# BRIEF
Here are records with pictures in them. Copy all of them exactly and leave the pictures out.

*** Opening PROVIDED MATERIAL ***

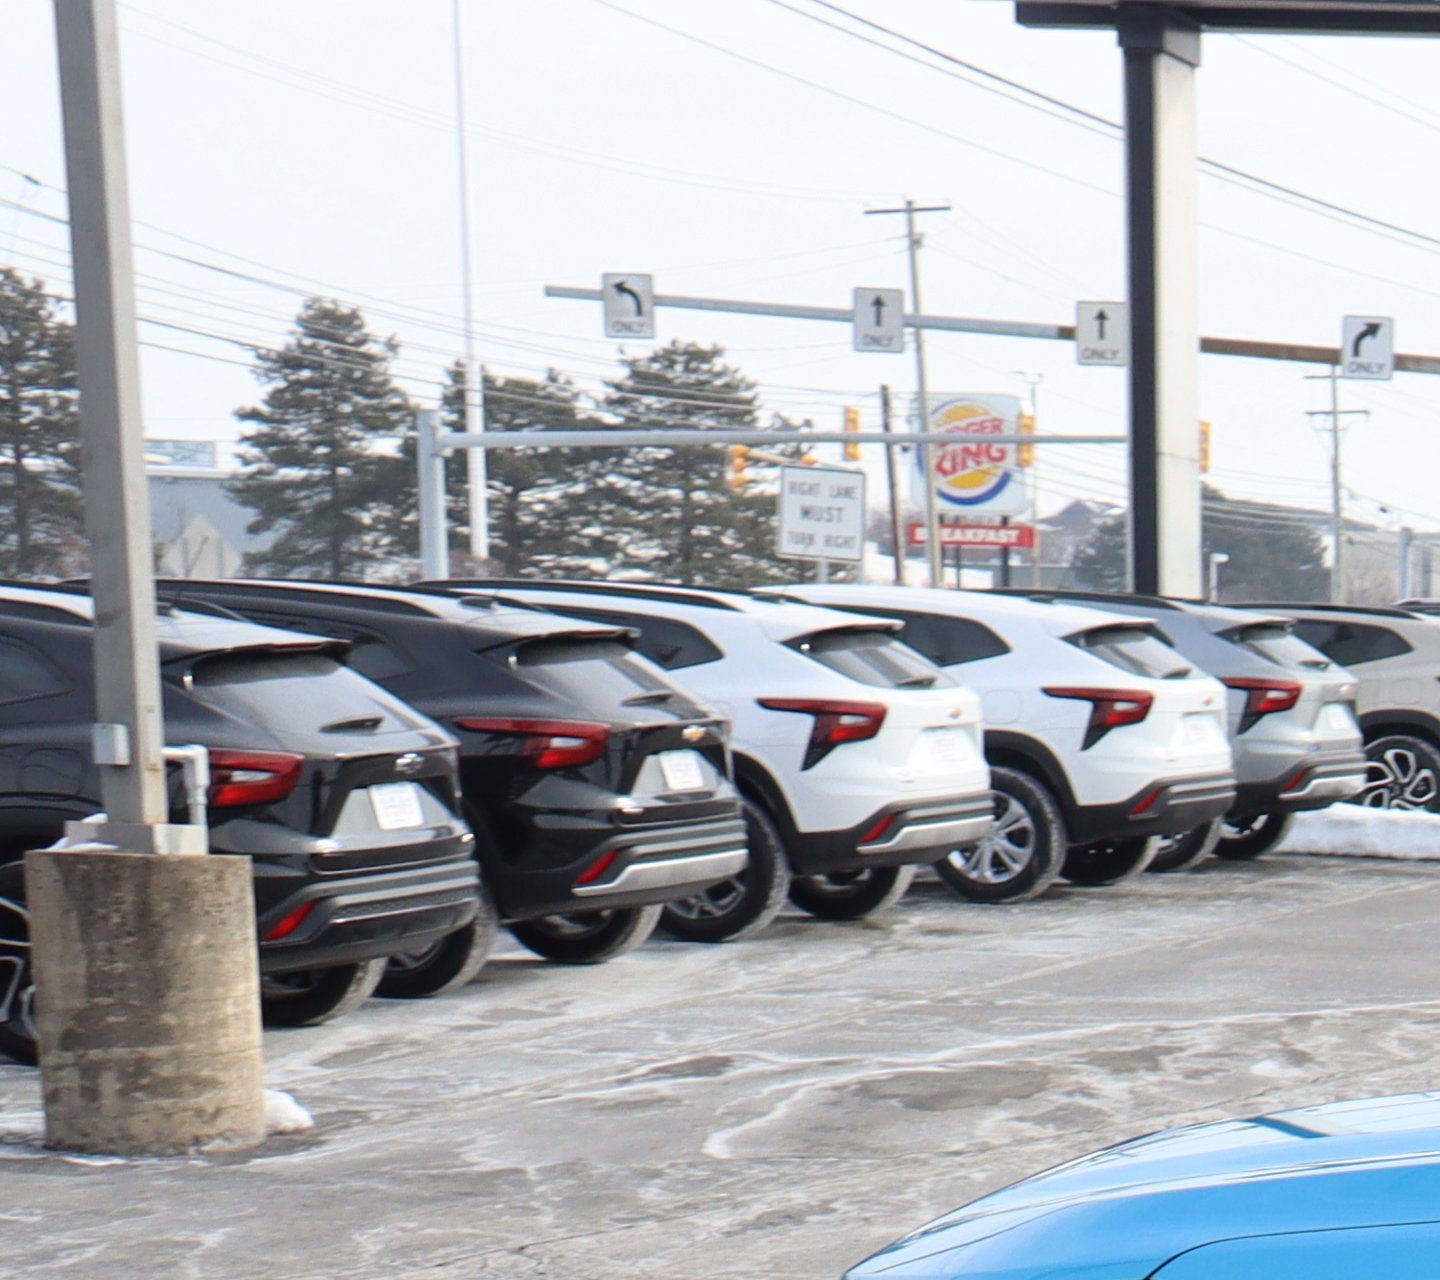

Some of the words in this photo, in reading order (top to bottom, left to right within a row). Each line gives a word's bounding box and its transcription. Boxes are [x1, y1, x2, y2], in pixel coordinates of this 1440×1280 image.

[611, 321, 645, 333] ONLY
[862, 333, 895, 347] ONLY
[1081, 347, 1120, 361] ONLY
[1348, 361, 1386, 374] ONLY
[801, 505, 844, 523] MUST
[914, 526, 1020, 543] BEAKFAST
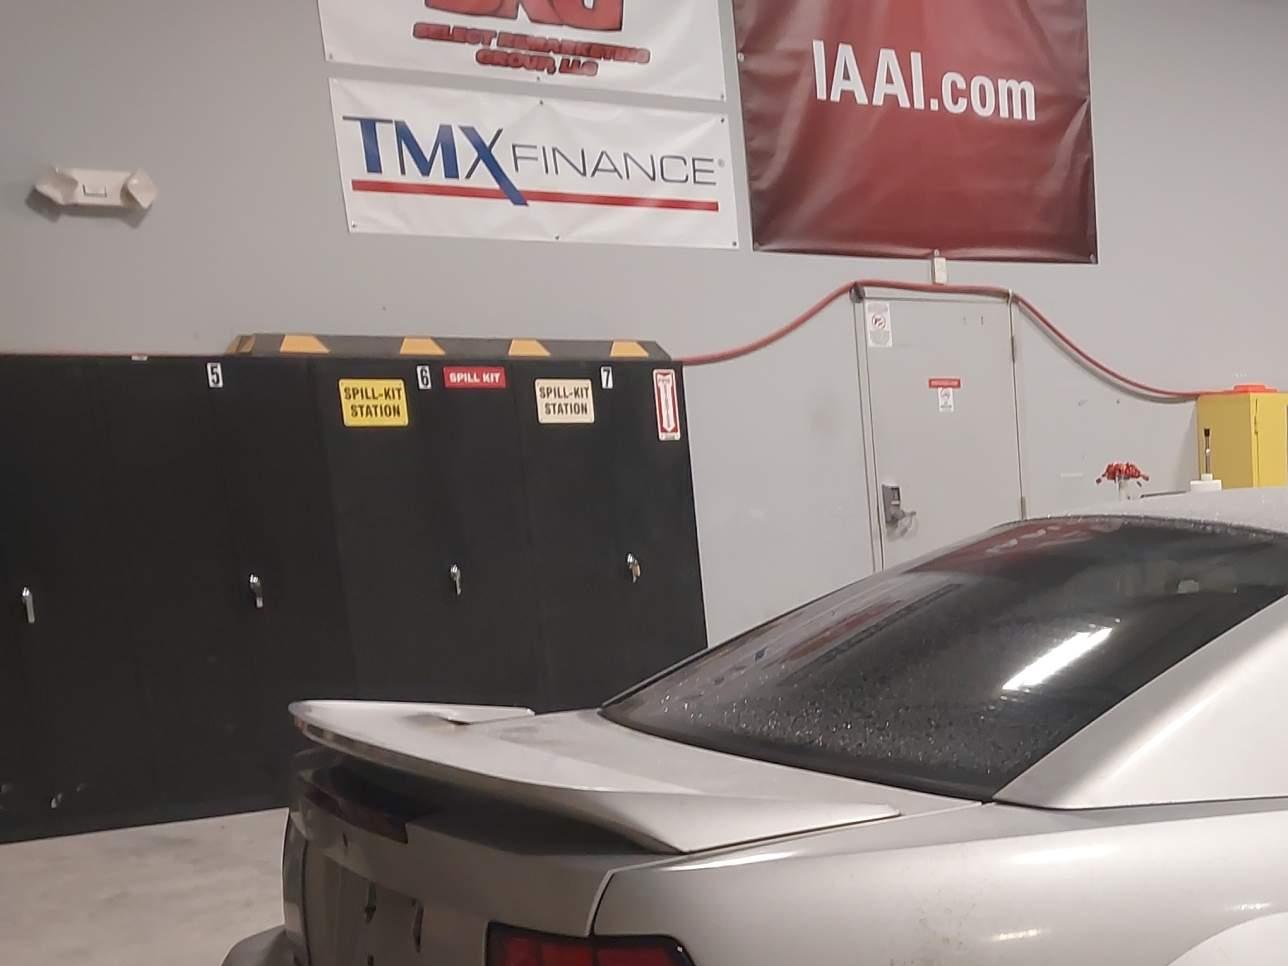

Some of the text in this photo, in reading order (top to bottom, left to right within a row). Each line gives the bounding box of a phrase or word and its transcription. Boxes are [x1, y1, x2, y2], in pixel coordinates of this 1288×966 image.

*** Closing PROVIDED MATERIAL ***

# ANSWER BOX
Some of the words in this photo, in reading order (top to bottom, left to right within a row). Each line gives a word's bounding box and its transcription. Boxes are [x1, y1, x2, y2], in pixel coordinates of this 1440×1280 image.

[611, 321, 645, 333] ONLY
[862, 333, 895, 347] ONLY
[1081, 347, 1120, 361] ONLY
[1348, 361, 1386, 374] ONLY
[801, 505, 844, 523] MUST
[914, 526, 1020, 543] BEAKFAST

Some of the text in this photo, in reading order (top to bottom, left to right within a row). Each line gives the bounding box of a phrase or word and its transcription. Boxes are [x1, y1, x2, y2], in pixel coordinates of this 1288×966 image.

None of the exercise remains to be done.